● **Dataset records**:

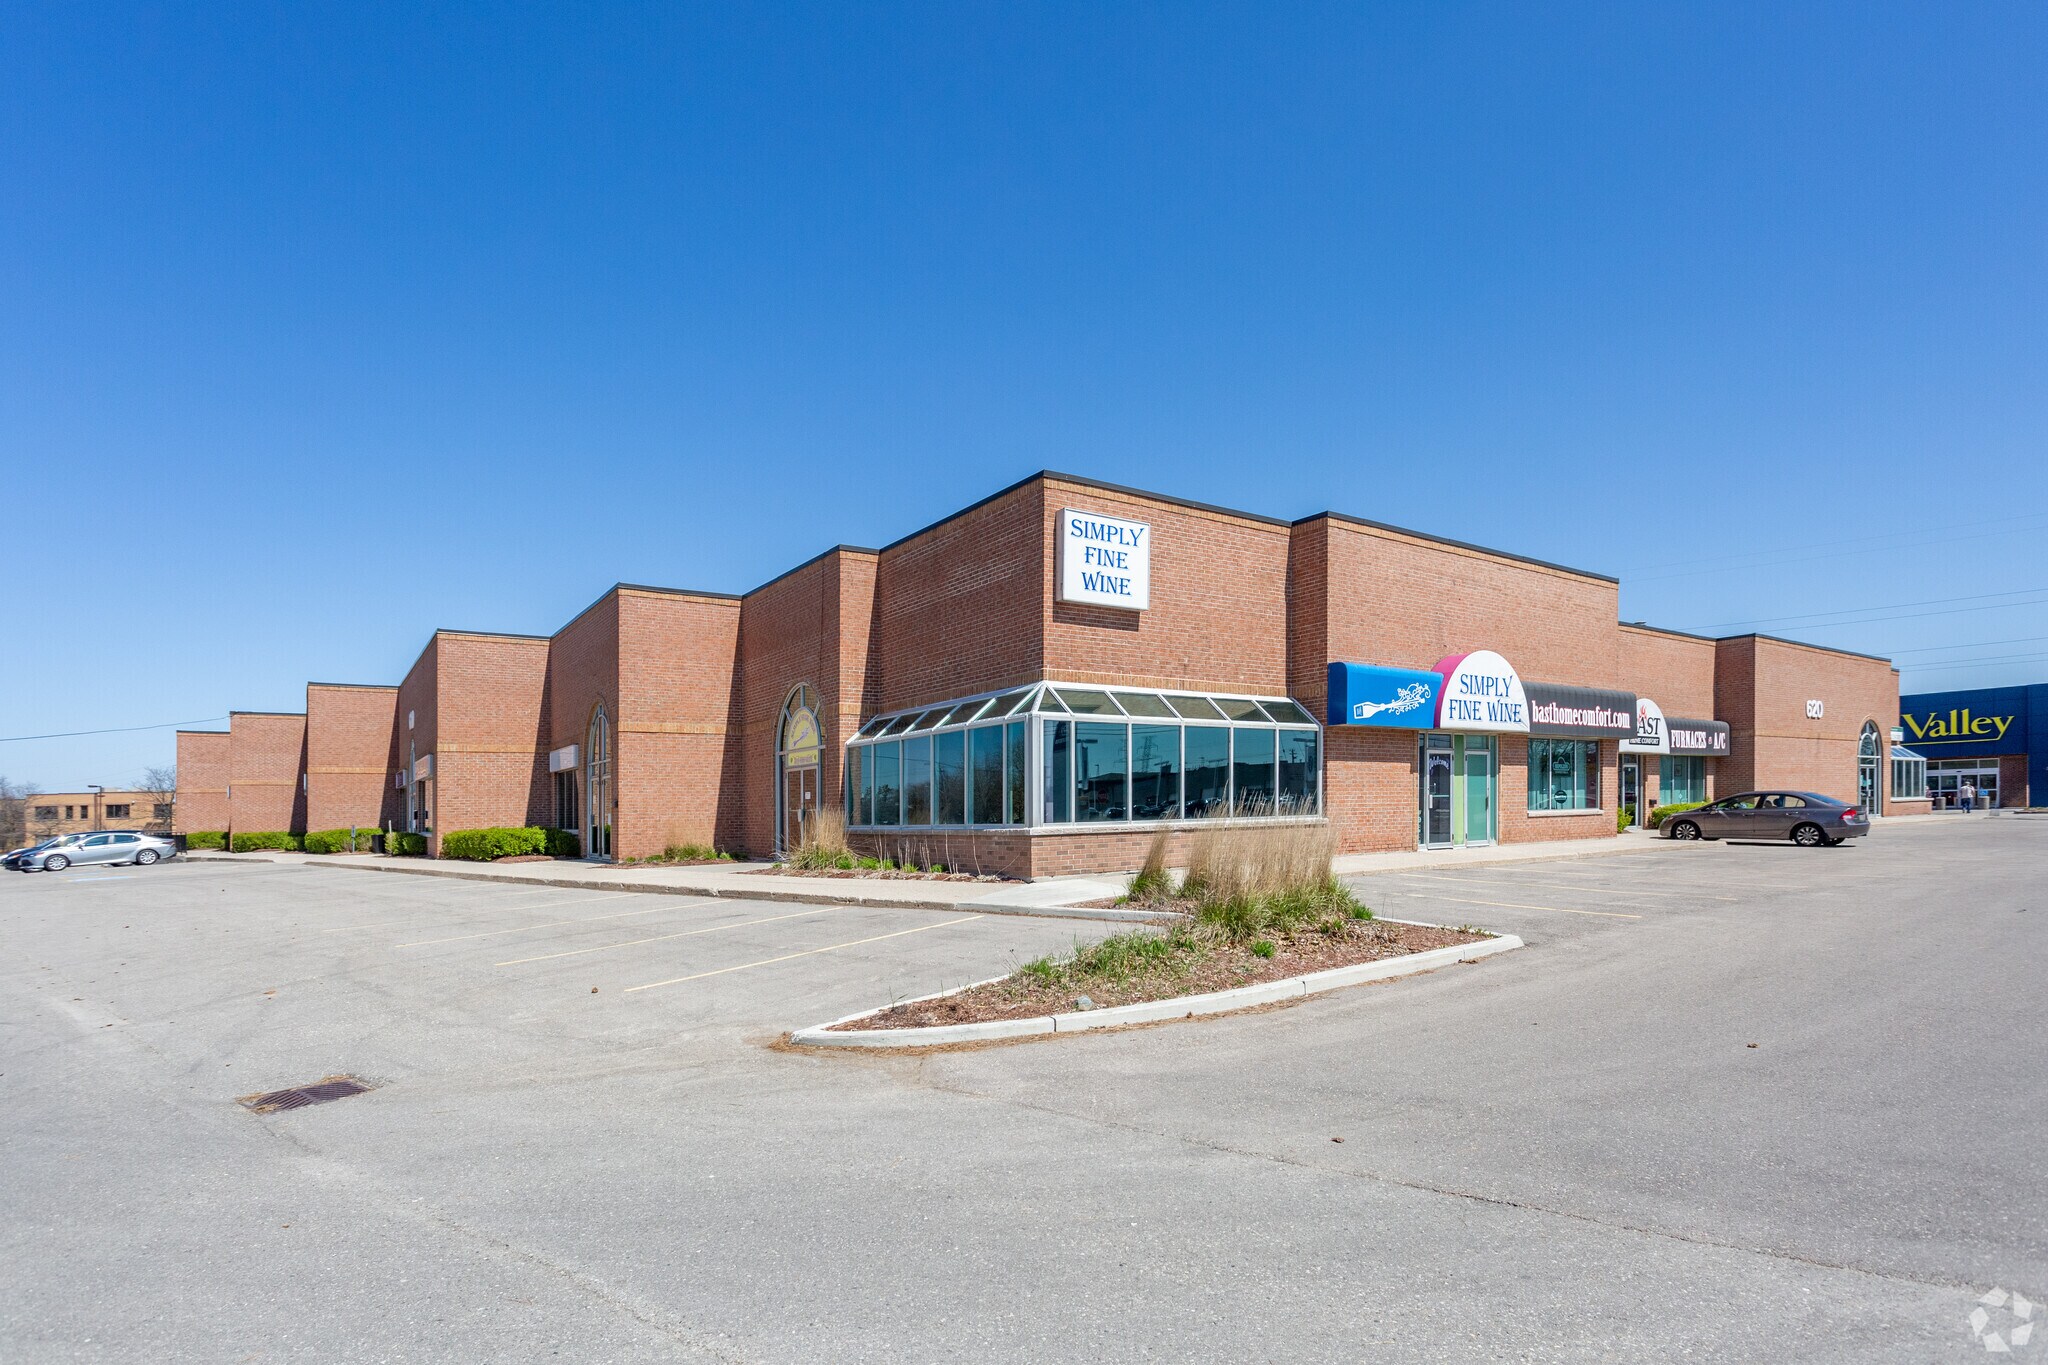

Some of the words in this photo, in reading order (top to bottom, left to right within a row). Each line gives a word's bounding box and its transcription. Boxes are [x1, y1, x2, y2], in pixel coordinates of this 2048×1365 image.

[1070, 518, 1145, 547] SIMPLY
[1084, 545, 1129, 570] FINE
[1081, 570, 1131, 596] WINE
[1460, 673, 1513, 698] SIMPLY
[1449, 699, 1482, 721] FINE
[1486, 698, 1522, 723] WINE
[1531, 700, 1631, 729] basthomecomfort.com
[1806, 700, 1823, 719] 620
[1636, 717, 1661, 735] AST
[1902, 709, 2014, 740] Valley
[1670, 729, 1707, 749] FURNACES
[1713, 732, 1726, 749] A/C
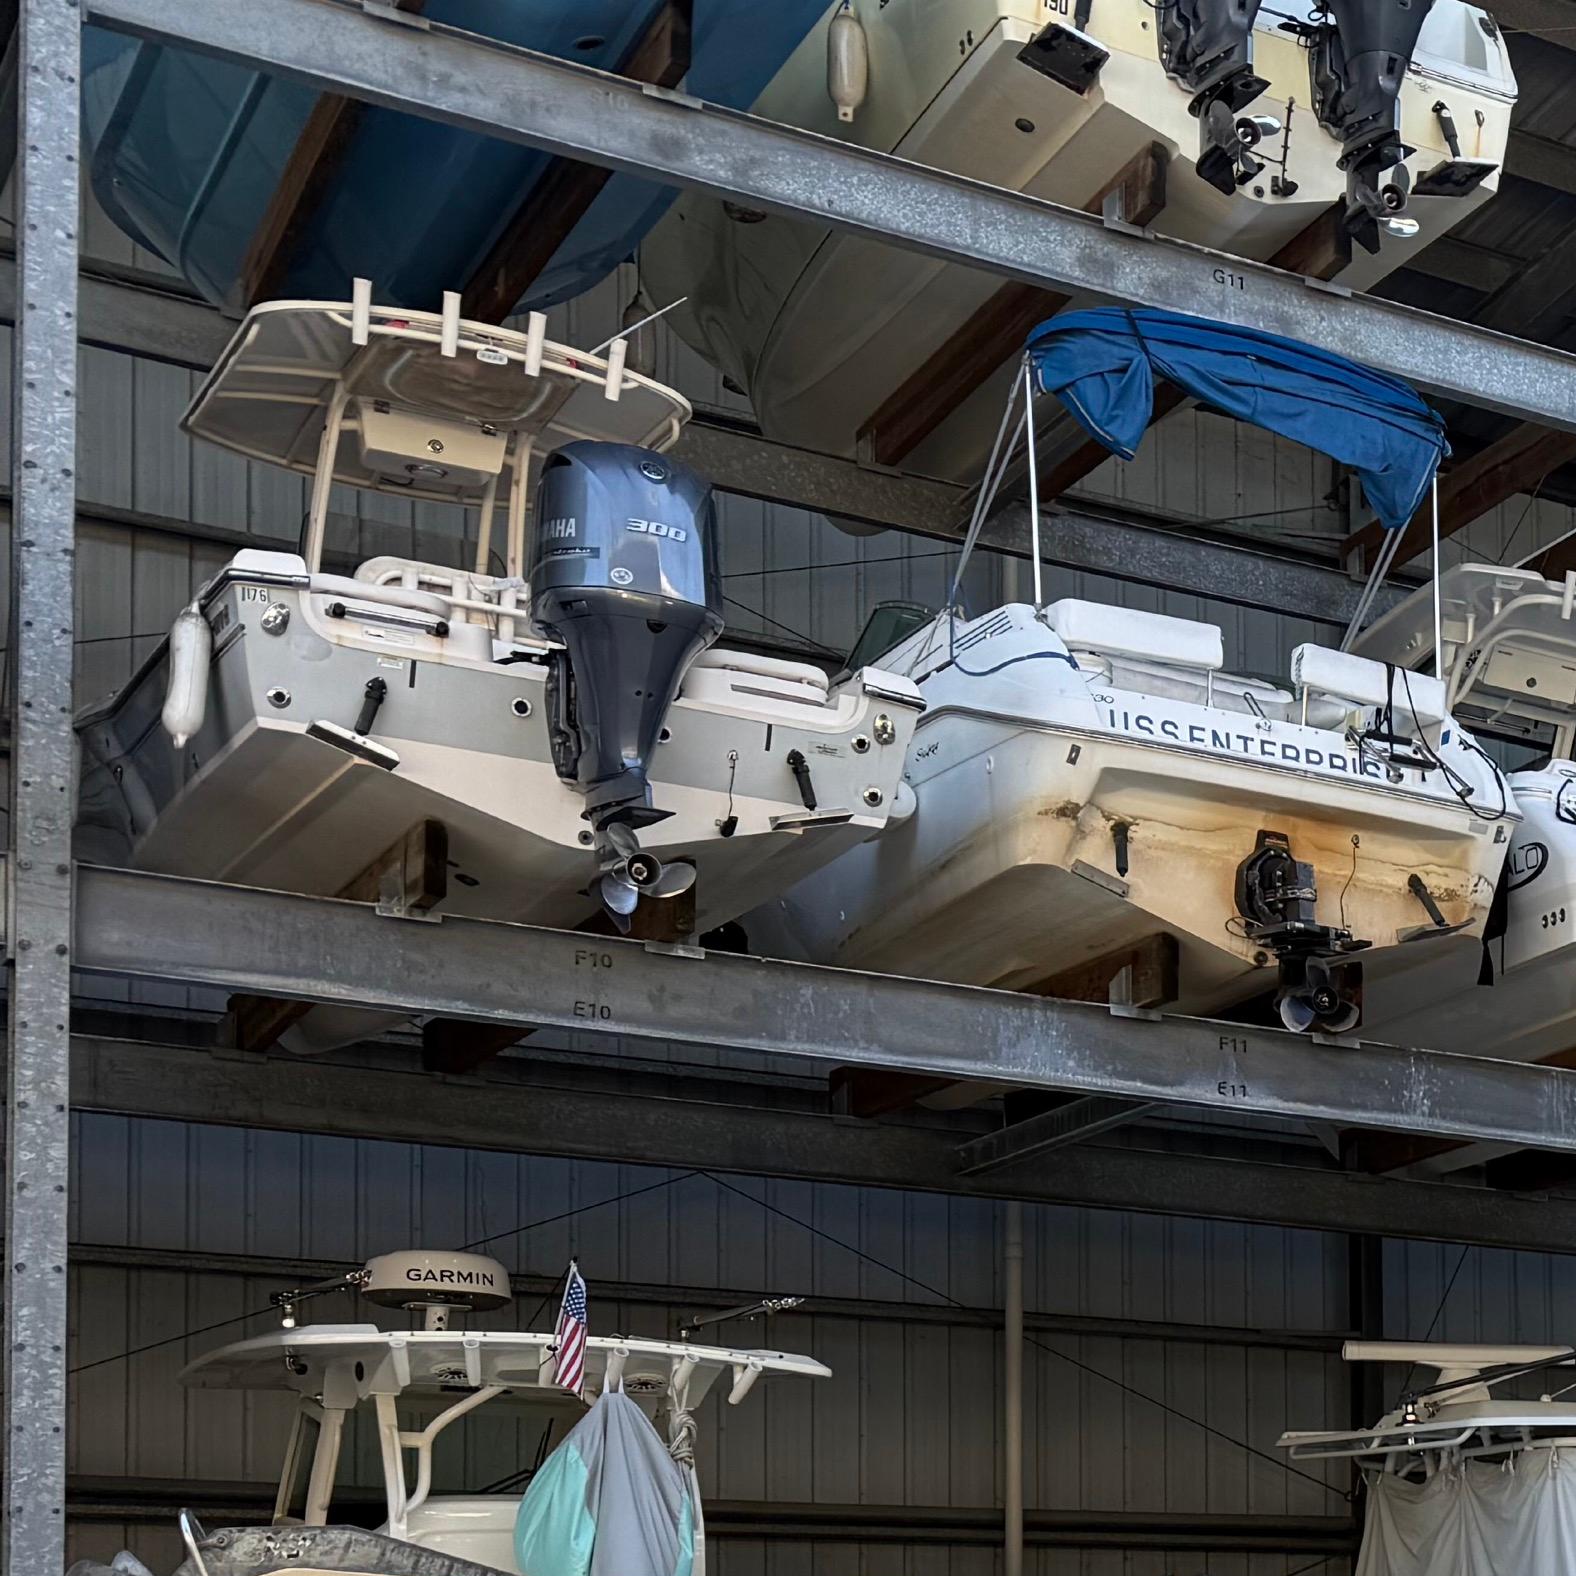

● **What to work on**:
Copy everything in the records above except the pictures, exactly as written.

● **Result of this exercise**:
Some of the words in this photo, in reading order (top to bottom, left to right within a row). Each line gives a word's bounding box and its transcription. Boxes are [x1, y1, x2, y2], in pixel coordinates of this 2048×1365 image.

[1070, 518, 1145, 547] SIMPLY
[1084, 545, 1129, 570] FINE
[1081, 570, 1131, 596] WINE
[1460, 673, 1513, 698] SIMPLY
[1449, 699, 1482, 721] FINE
[1486, 698, 1522, 723] WINE
[1531, 700, 1631, 729] basthomecomfort.com
[1806, 700, 1823, 719] 620
[1636, 717, 1661, 735] AST
[1902, 709, 2014, 740] Valley
[1670, 729, 1707, 749] FURNACES
[1713, 732, 1726, 749] A/C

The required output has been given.